29. Aggrieved by these findings the appellant filed the petition of appeal  on the 15th of June 2020 on the following grounds:

i) THAT his conviction on identification evidence by PW1 and PW2 was manifestly unsafe as the learned trial magistrate prior to his conviction failed to rule out altogether the existence of mistaken identification on the part of two witnesses in view of the prevailing circumstances at the scene of crime by the time of attack.

ii)  THAT the learned magistrate erred in law and in fact in failing to warn himself as to the dangers of convicting in reliance on such identification evidence made under difficult circumstances.

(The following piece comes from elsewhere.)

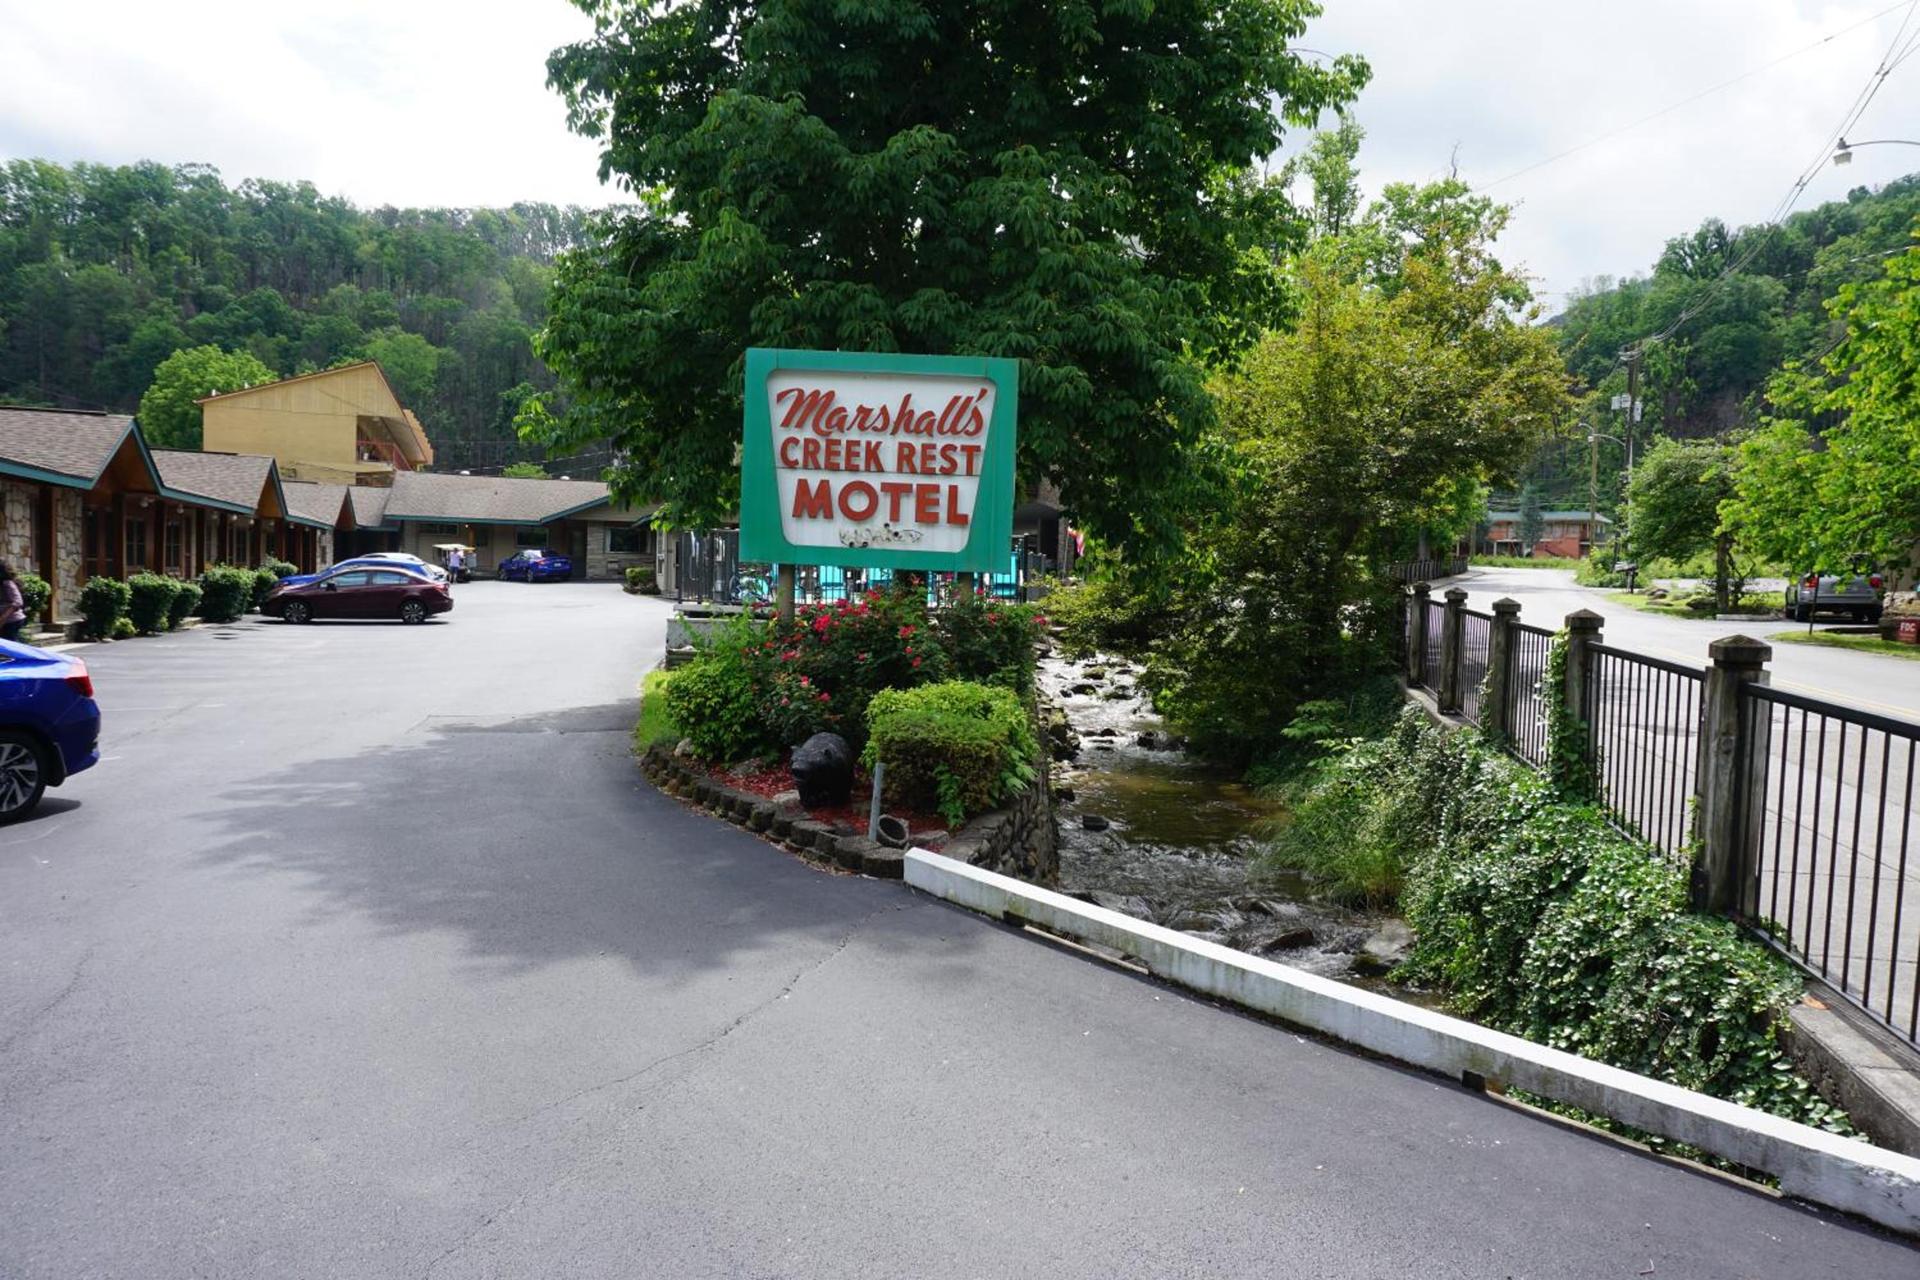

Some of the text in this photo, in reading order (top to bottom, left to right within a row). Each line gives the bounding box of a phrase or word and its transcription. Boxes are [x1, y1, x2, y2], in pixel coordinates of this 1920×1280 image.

[776, 387, 988, 437] Marshall's
[780, 436, 981, 477] CREEK REST
[792, 478, 969, 525] MOTEL

iii) THAT the learned trial magistrate erred in law and in fact in failing to appreciate that the prosecution had failed to prove its case to the standard required in law that is, prove beyond reasonable doubt.

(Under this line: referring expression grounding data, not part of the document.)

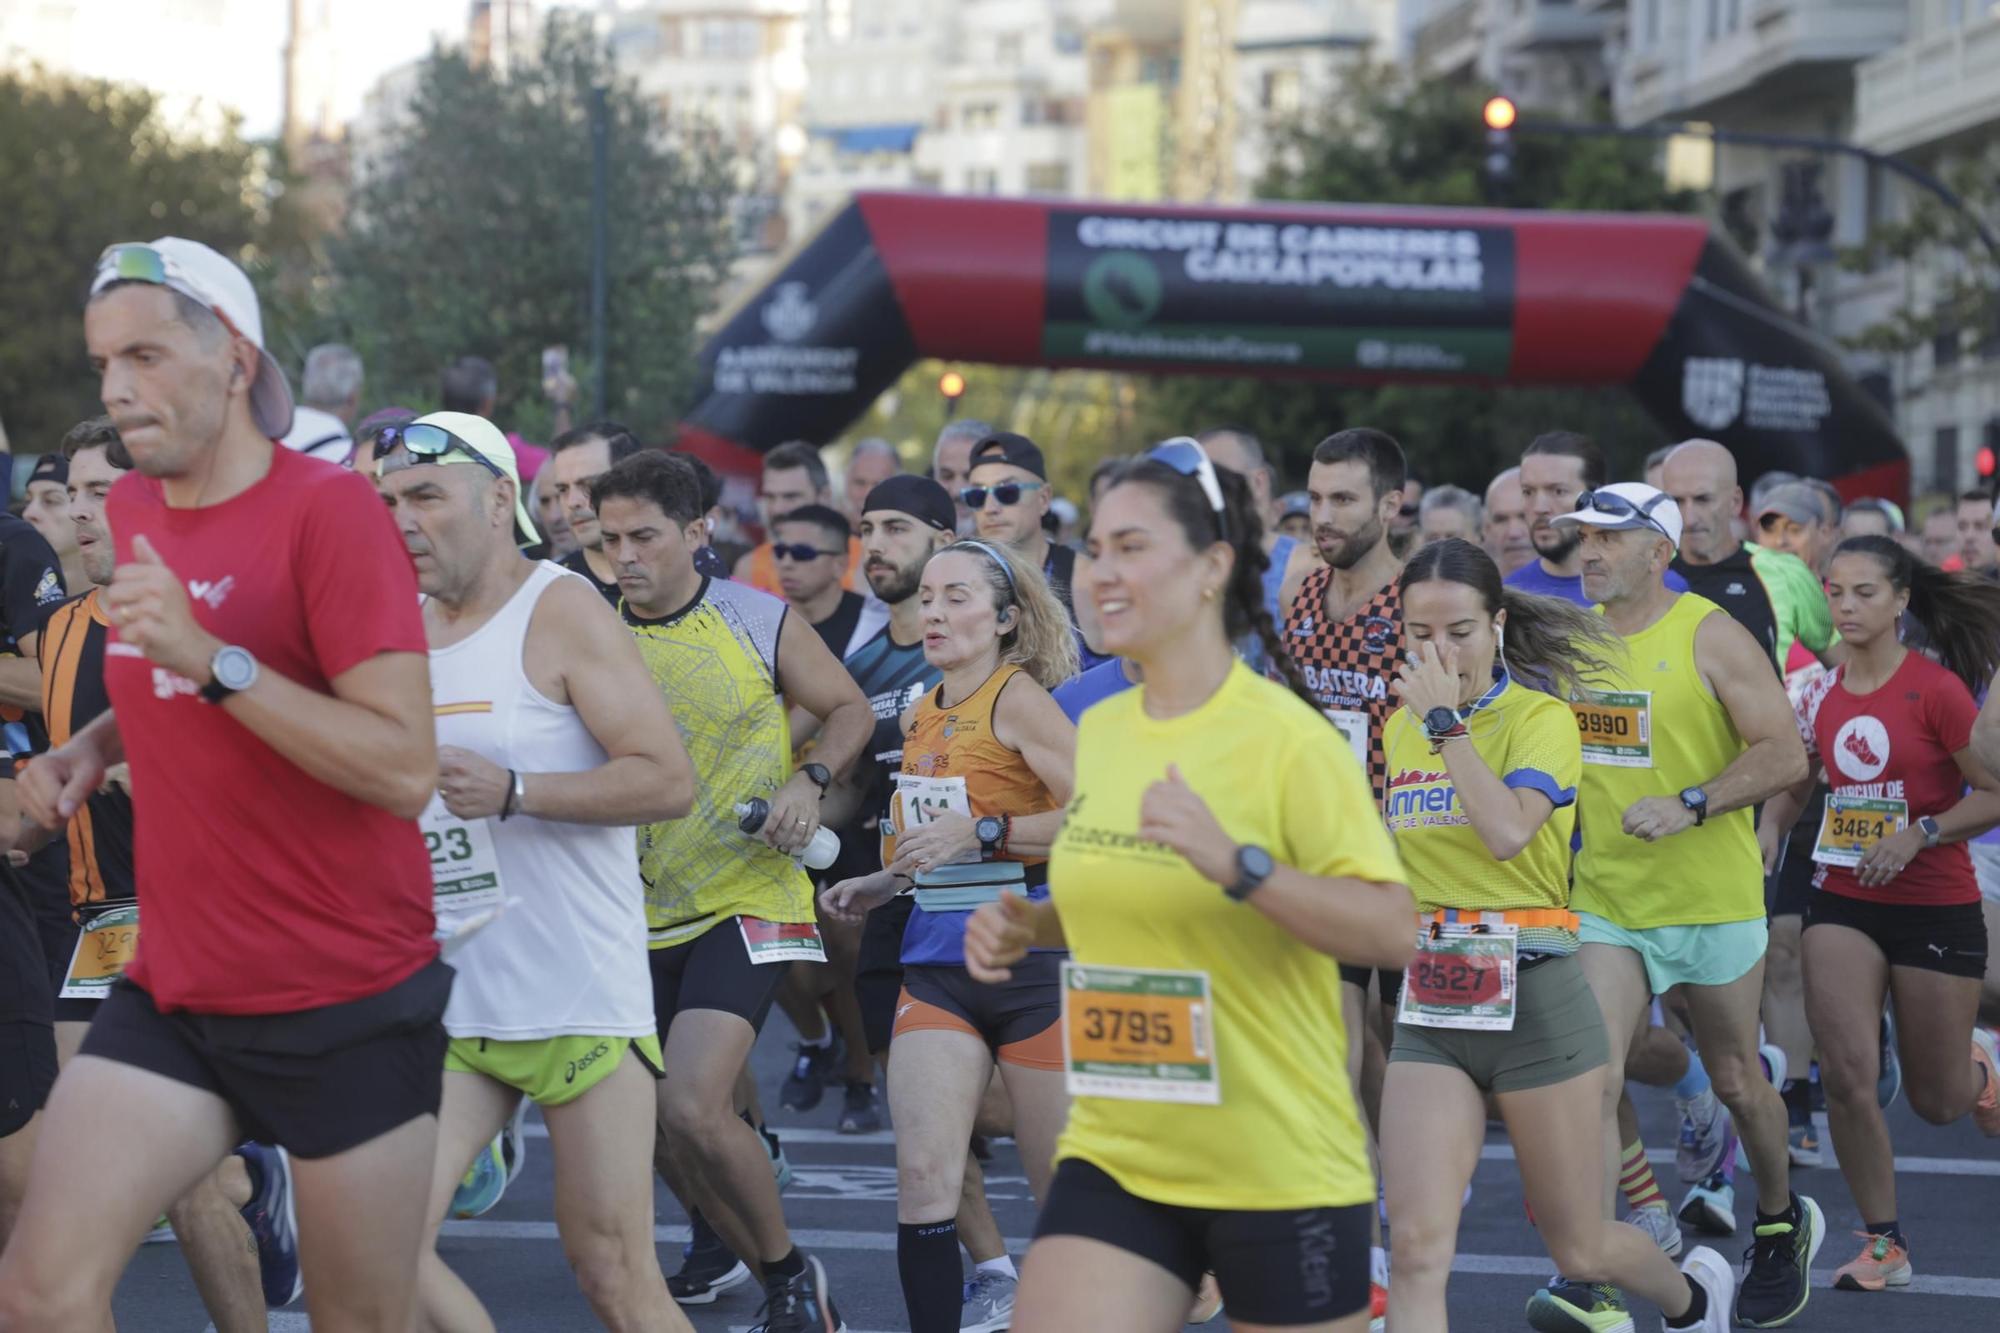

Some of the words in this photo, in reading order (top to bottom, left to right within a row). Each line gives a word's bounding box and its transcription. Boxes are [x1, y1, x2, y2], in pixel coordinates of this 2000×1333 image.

[1078, 216, 1223, 251] CIRCUIT
[1225, 223, 1276, 254] DE
[1281, 226, 1479, 260] CARRERES
[1186, 249, 1304, 284] CAIXA
[1307, 254, 1483, 291] POPULAR
[1576, 712, 1628, 736] 3990
[1886, 780, 1904, 798] DE
[1403, 817, 1417, 829] DE
[1418, 962, 1485, 992] 2527
[1083, 1006, 1174, 1046] 3795
[578, 1041, 609, 1070] asics

iv) THAT the learned trial magistrate misapprehended the facts, applied wrong principles, and drew erroneous conclusion to the prejudice of the Appellant.

v) THAT the learned trial magistrate misdirected himself in law in that, he shifted the onus of proof from the prosecution to the Appellant contrary to the law.

vi) THAT the learned trial magistrate erred in law and fact in convicting the Appellant whereas the Appellant’s constitutional right to a fair hearing had not been afforded.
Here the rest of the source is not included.